◆ Exercise prompt
Although pictures appear in the records, the copy must leave them out and match everything else exactly.

◆ Dataset records
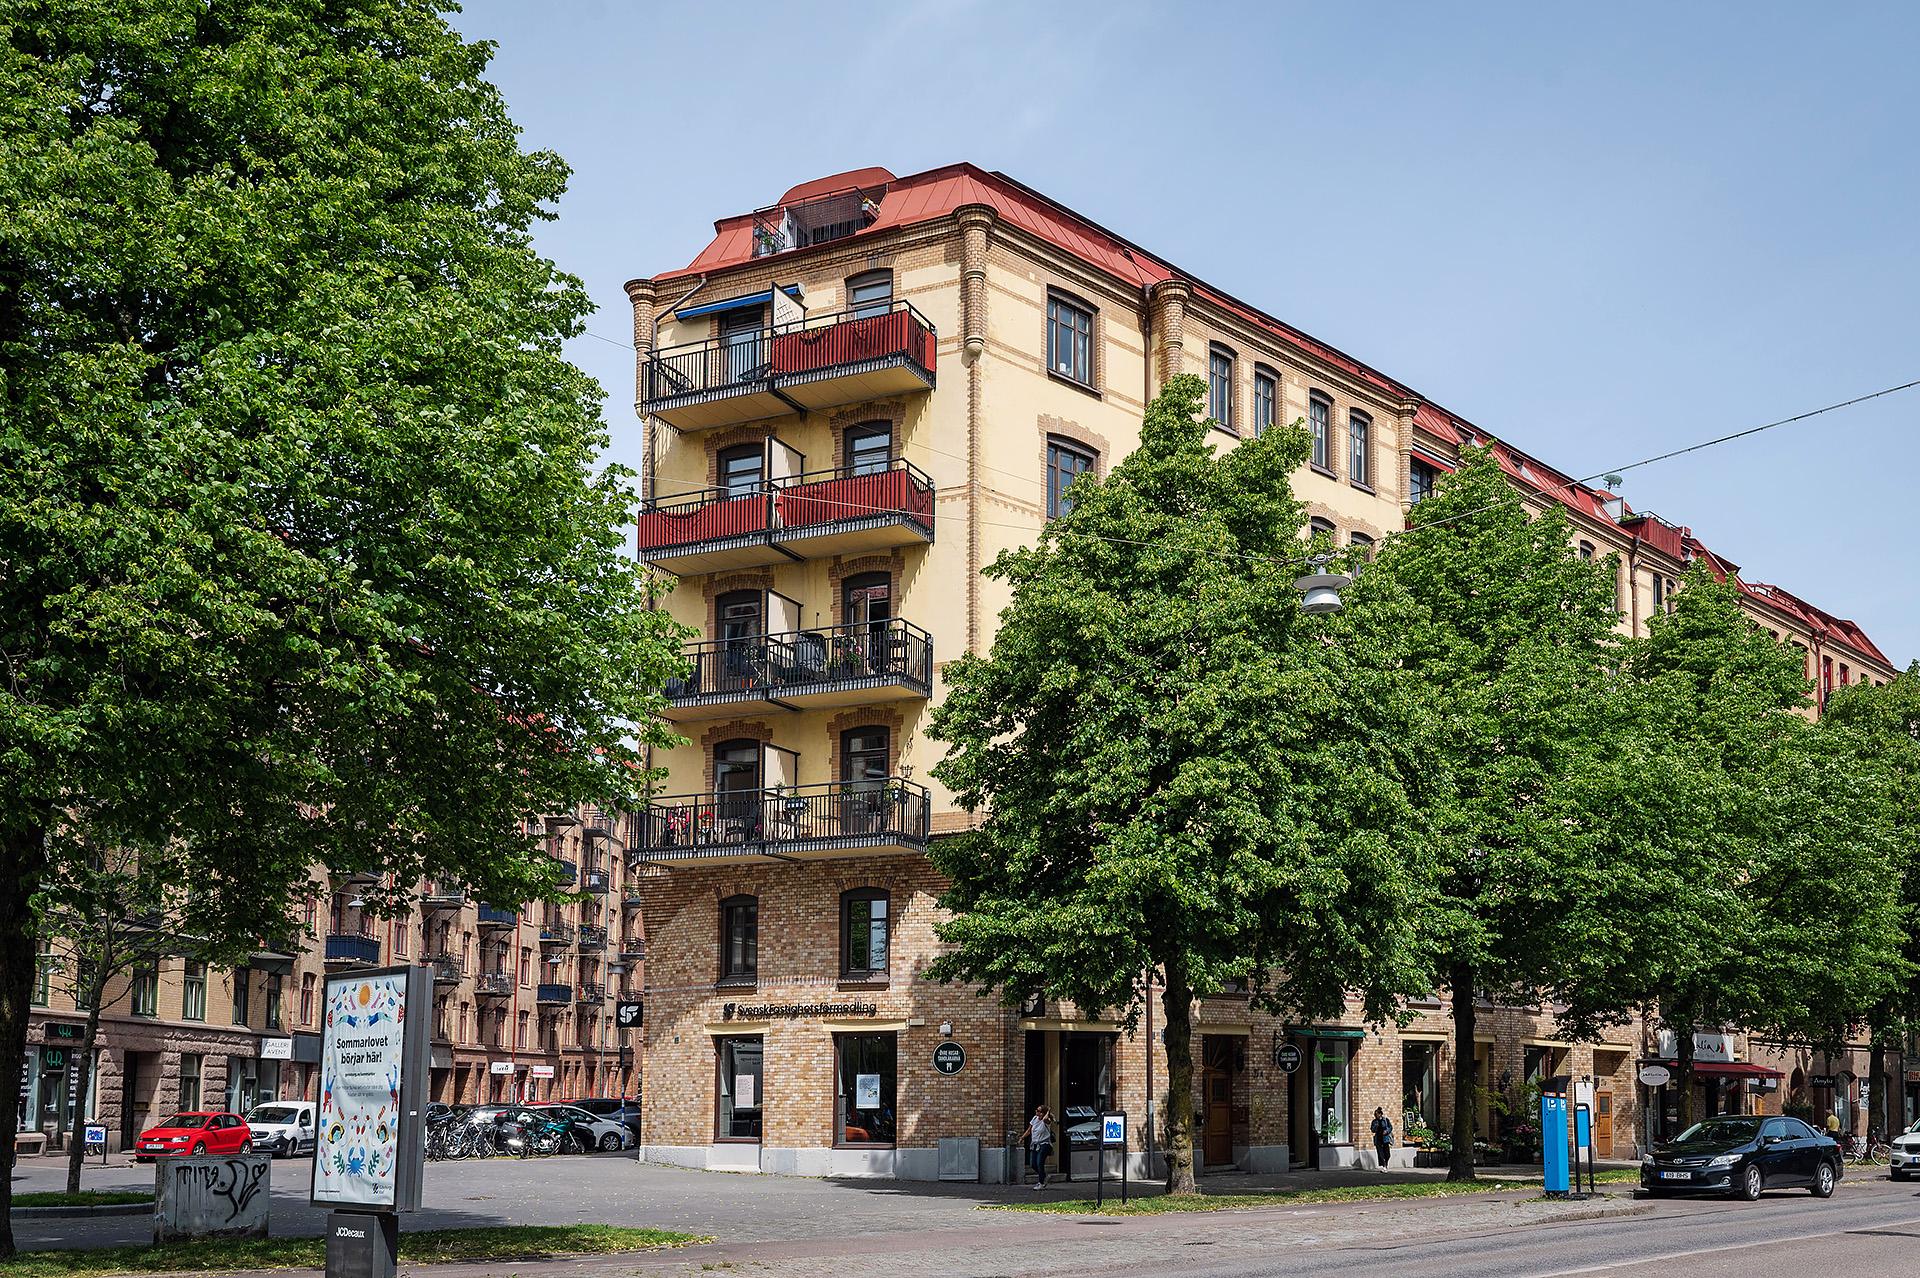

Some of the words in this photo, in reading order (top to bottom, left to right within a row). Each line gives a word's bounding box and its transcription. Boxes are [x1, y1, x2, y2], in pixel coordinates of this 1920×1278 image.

[336, 1036, 388, 1049] Sommarlovet
[341, 1052, 364, 1066] börjar
[366, 1051, 382, 1063] här!
[336, 1227, 365, 1238] JCDecaux
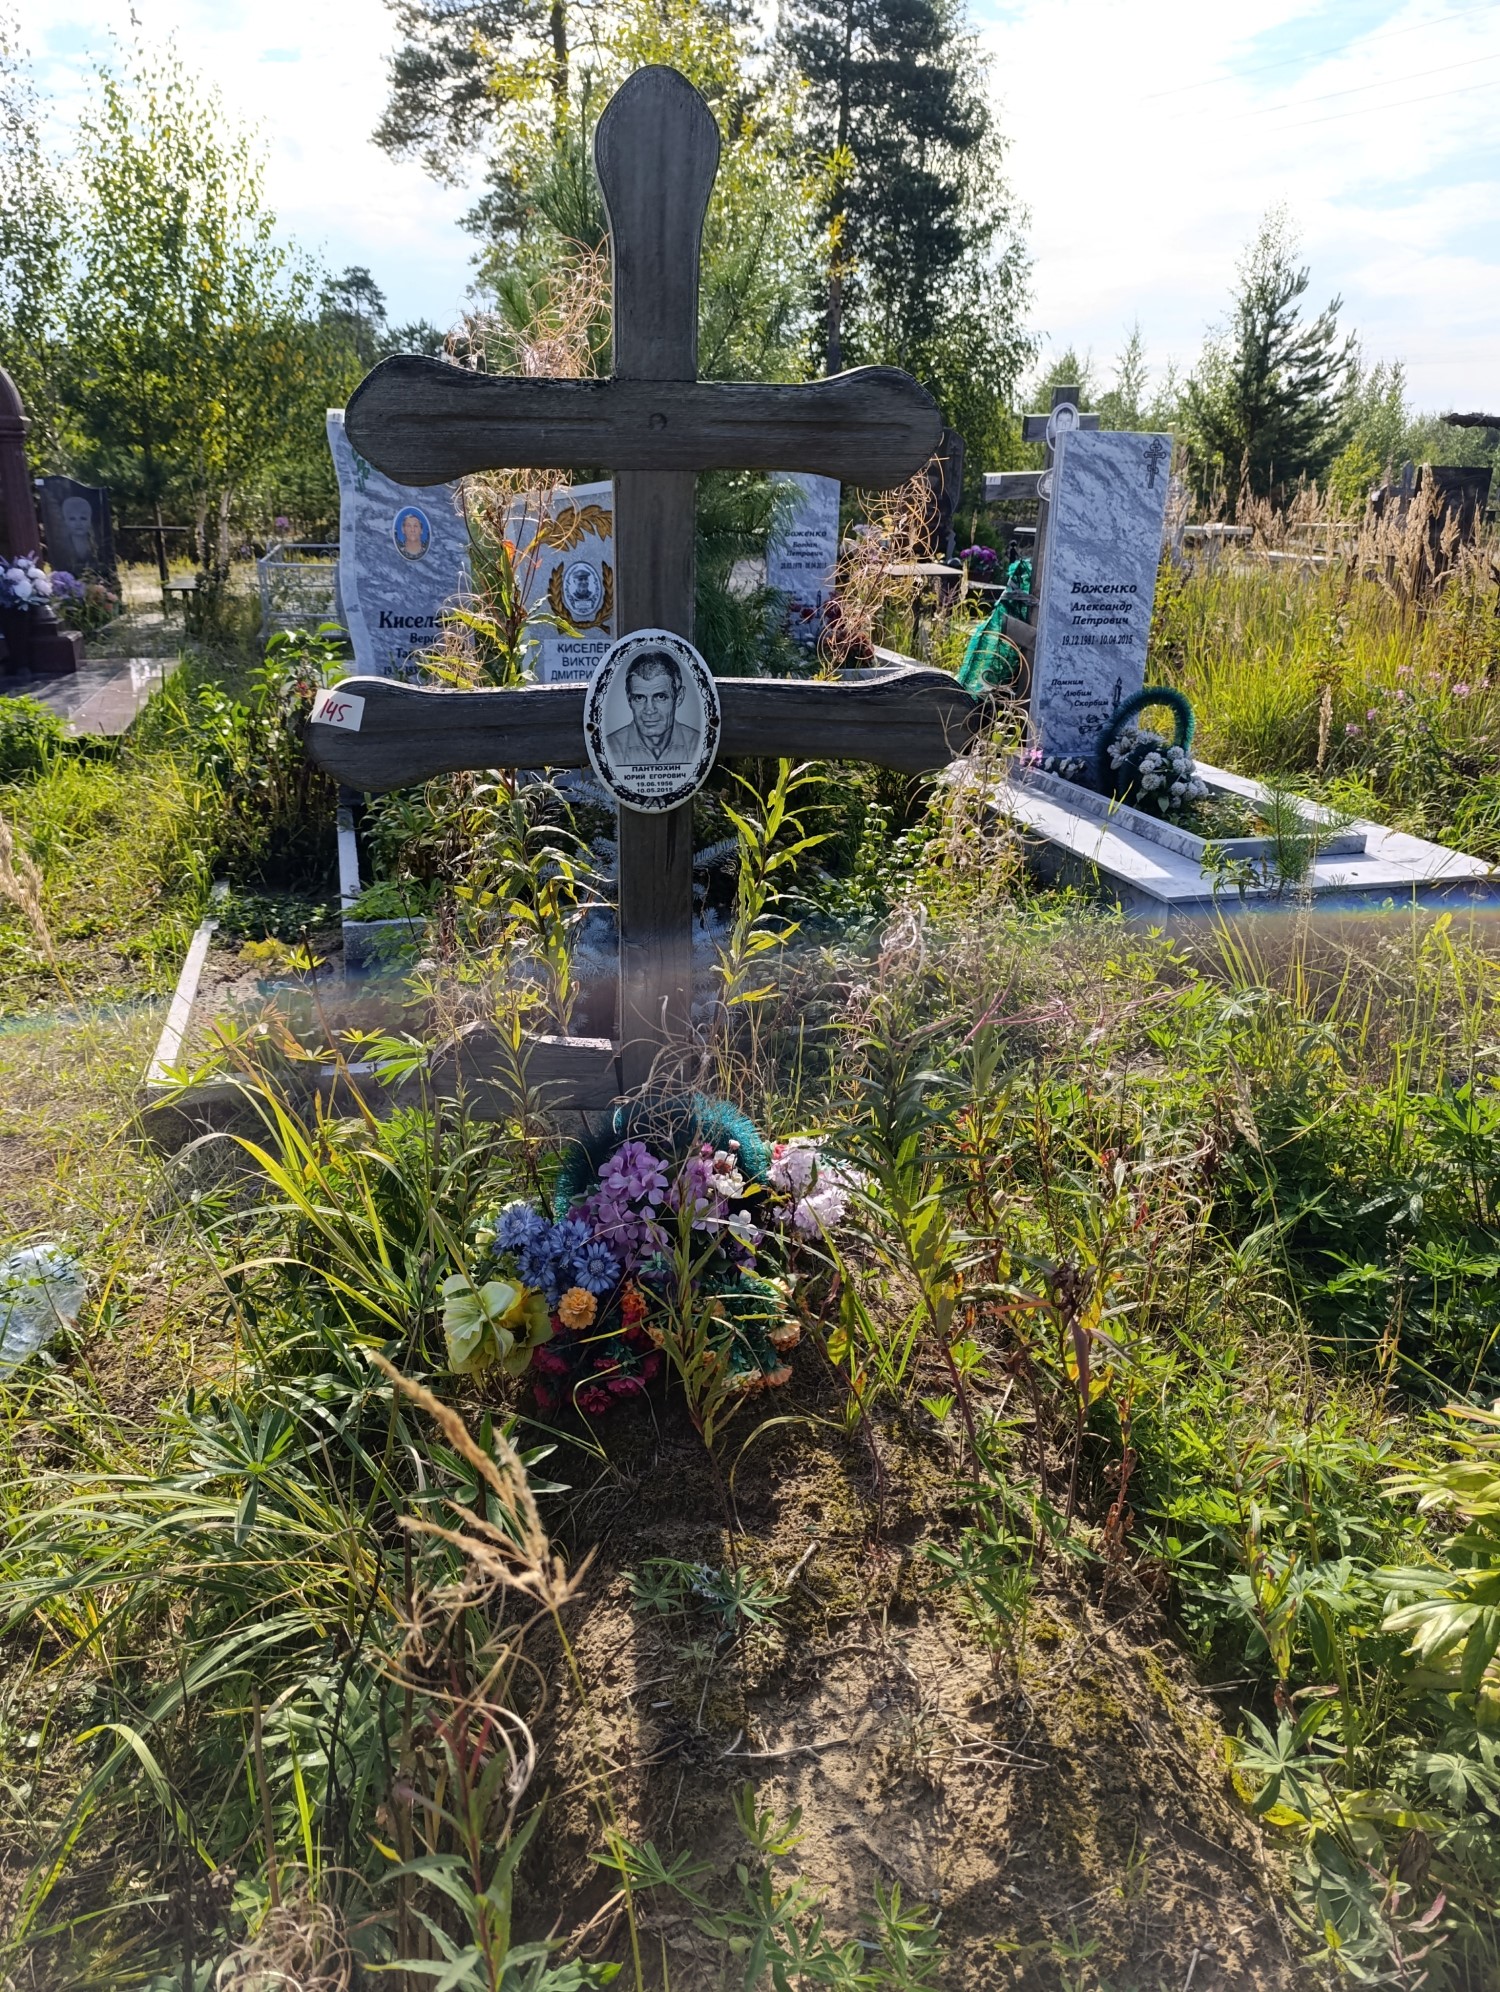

◆ Task solution
Some of the words in this photo, in reading order (top to bottom, left to right within a row). Each line gives a word's bounding box and its transcription. Boxes are [x1, y1, x2, y2], in pixel coordinates of this 1920×1278 image.

[336, 1036, 388, 1049] Sommarlovet
[341, 1052, 364, 1066] börjar
[366, 1051, 382, 1063] här!
[336, 1227, 365, 1238] JCDecaux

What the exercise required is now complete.